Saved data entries
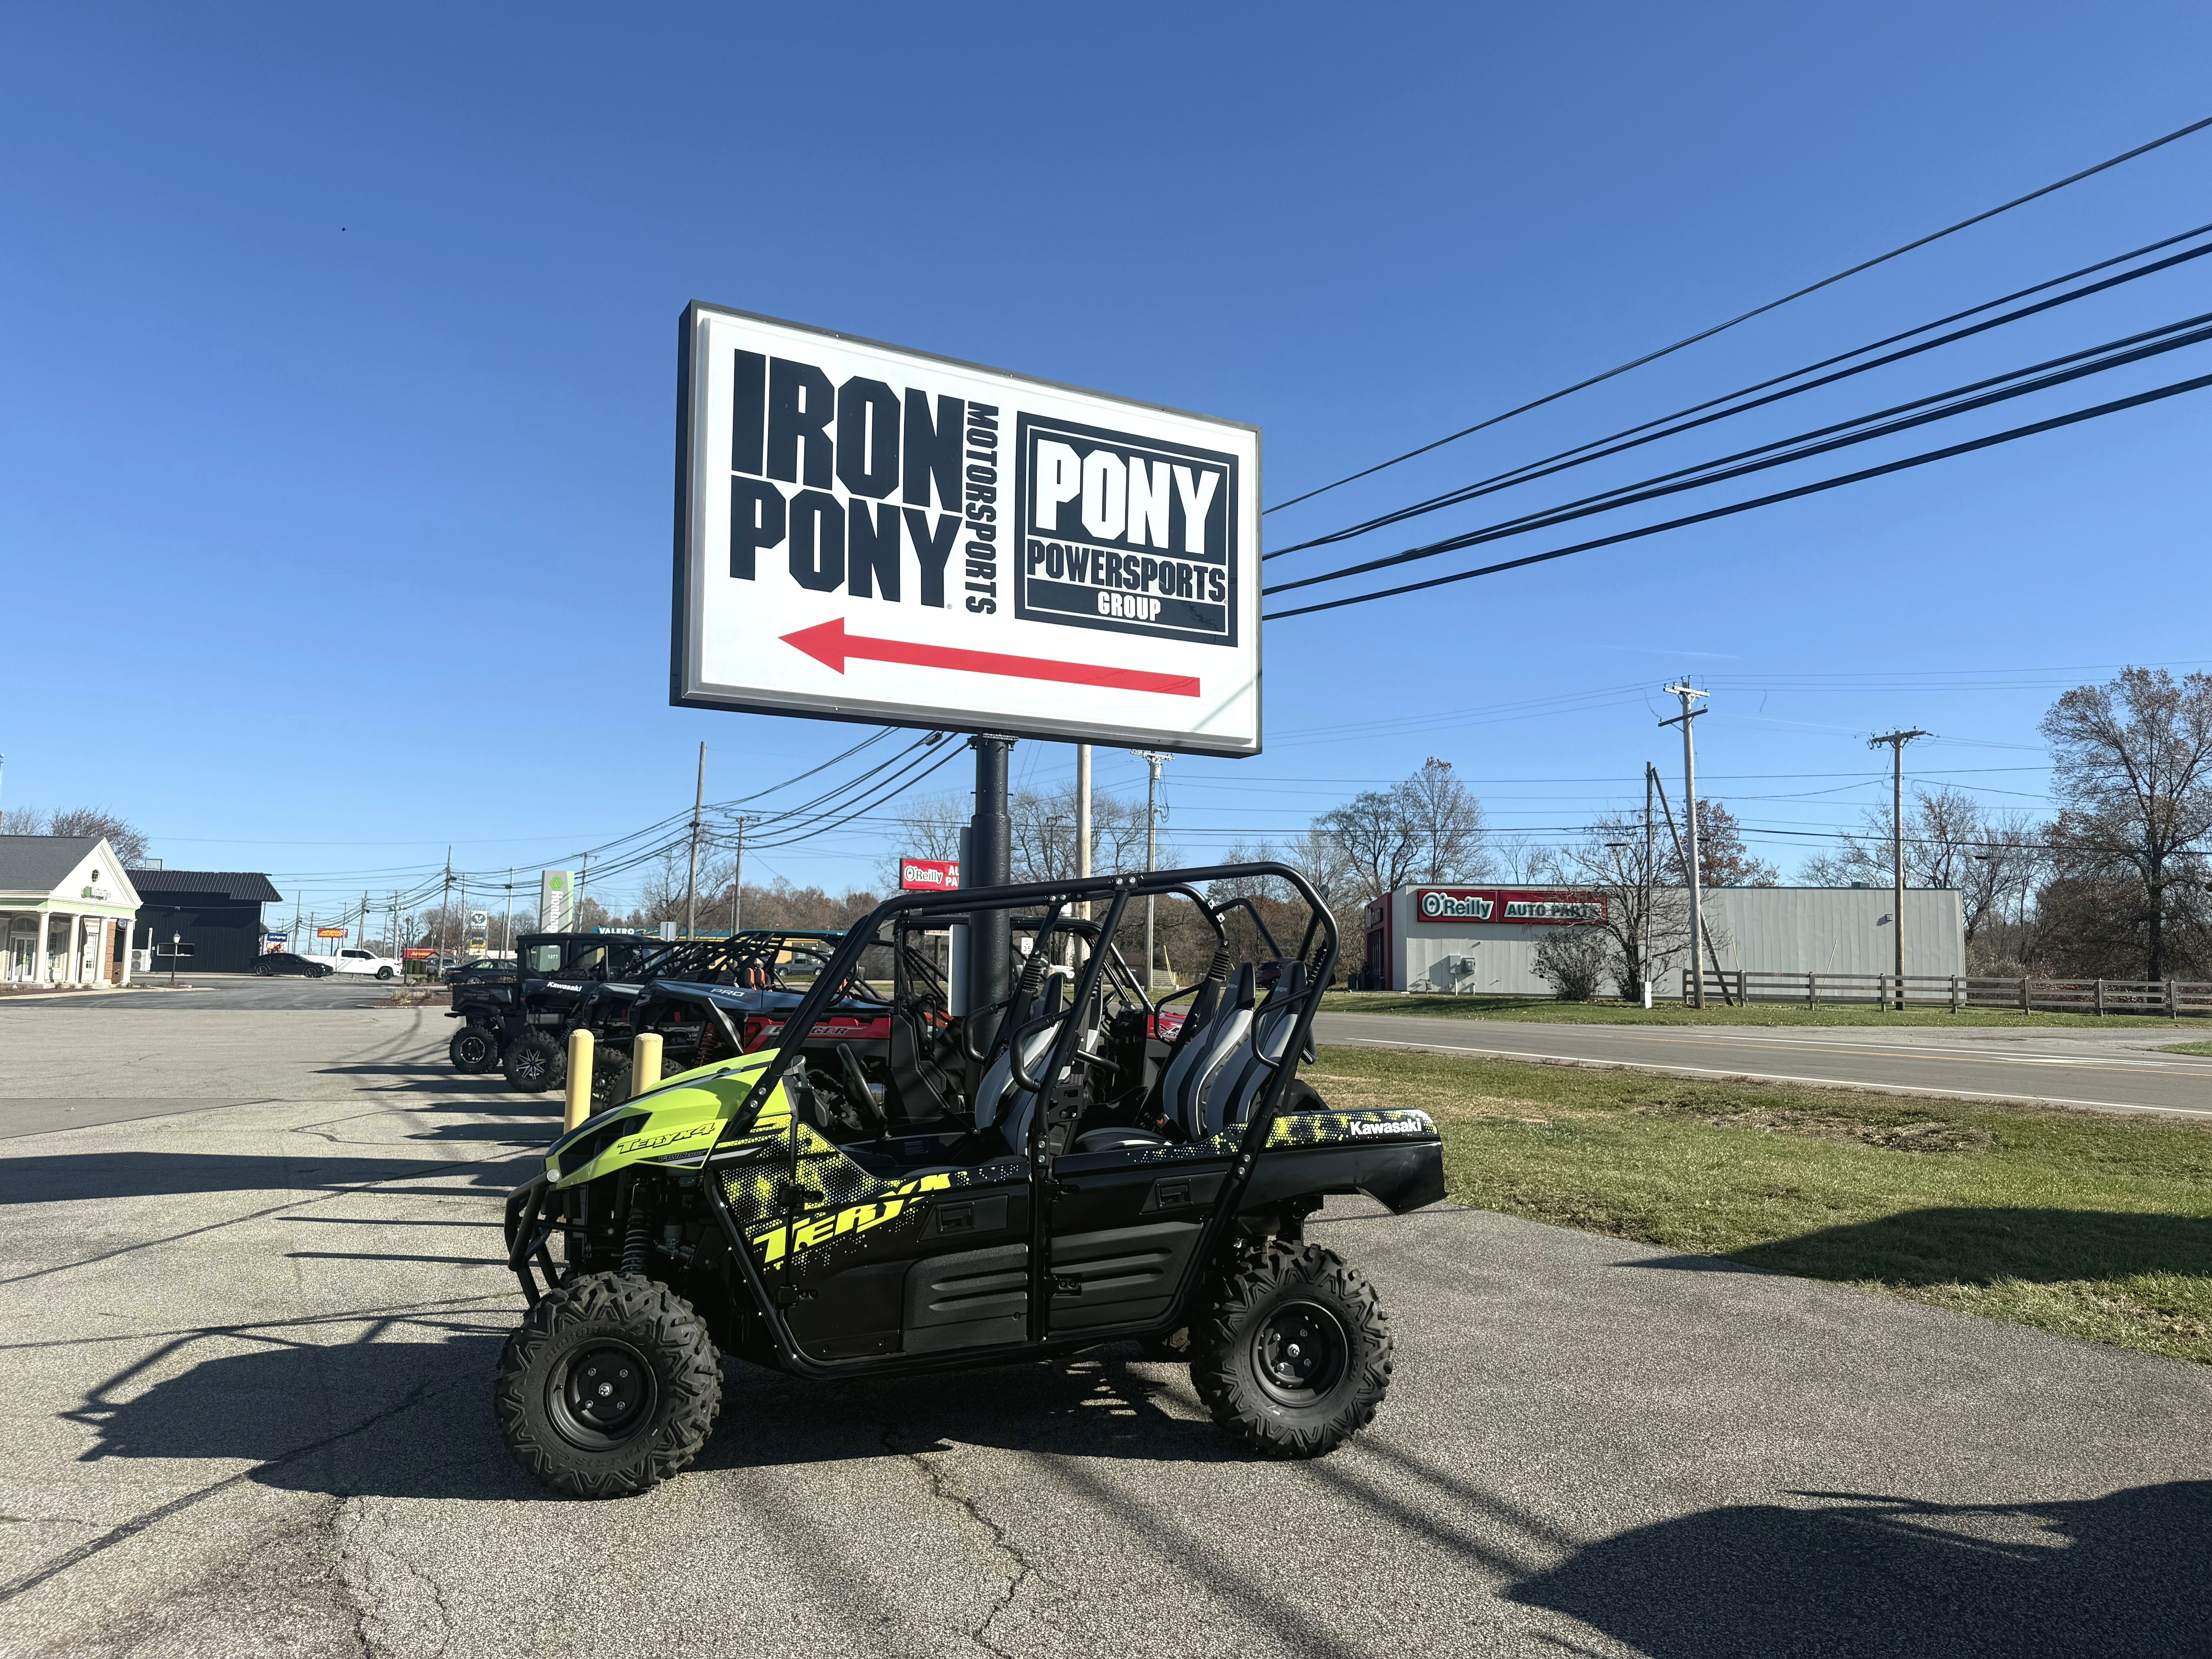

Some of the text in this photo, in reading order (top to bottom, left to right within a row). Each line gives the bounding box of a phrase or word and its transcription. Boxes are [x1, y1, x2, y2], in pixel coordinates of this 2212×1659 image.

[732, 349, 965, 513] IRON
[965, 401, 999, 615] MOTORSPORTS
[1036, 439, 1220, 555] PONY
[730, 475, 963, 608] PONY
[1027, 539, 1226, 602] POWERSPORTS
[1098, 591, 1161, 621] GROUP
[905, 866, 943, 883] O'Reilly
[546, 891, 563, 933] Hunting
[1423, 893, 1492, 918] O'Reilly
[1507, 903, 1546, 916] AUTO
[547, 981, 582, 992] Kawasaki
[710, 988, 745, 997] PRO
[1350, 1118, 1422, 1135] Kawasaki
[753, 1173, 951, 1264] TERYX

> **The task**:
Repeat each entry above exactly. Omit the pictures.

> **Reply to the task**:
Some of the text in this photo, in reading order (top to bottom, left to right within a row). Each line gives the bounding box of a phrase or word and its transcription. Boxes are [x1, y1, x2, y2], in pixel coordinates of this 2212×1659 image.

[732, 349, 965, 513] IRON
[965, 401, 999, 615] MOTORSPORTS
[1036, 439, 1220, 555] PONY
[730, 475, 963, 608] PONY
[1027, 539, 1226, 602] POWERSPORTS
[1098, 591, 1161, 621] GROUP
[905, 866, 943, 883] O'Reilly
[546, 891, 563, 933] Hunting
[1423, 893, 1492, 918] O'Reilly
[1507, 903, 1546, 916] AUTO
[547, 981, 582, 992] Kawasaki
[710, 988, 745, 997] PRO
[1350, 1118, 1422, 1135] Kawasaki
[753, 1173, 951, 1264] TERYX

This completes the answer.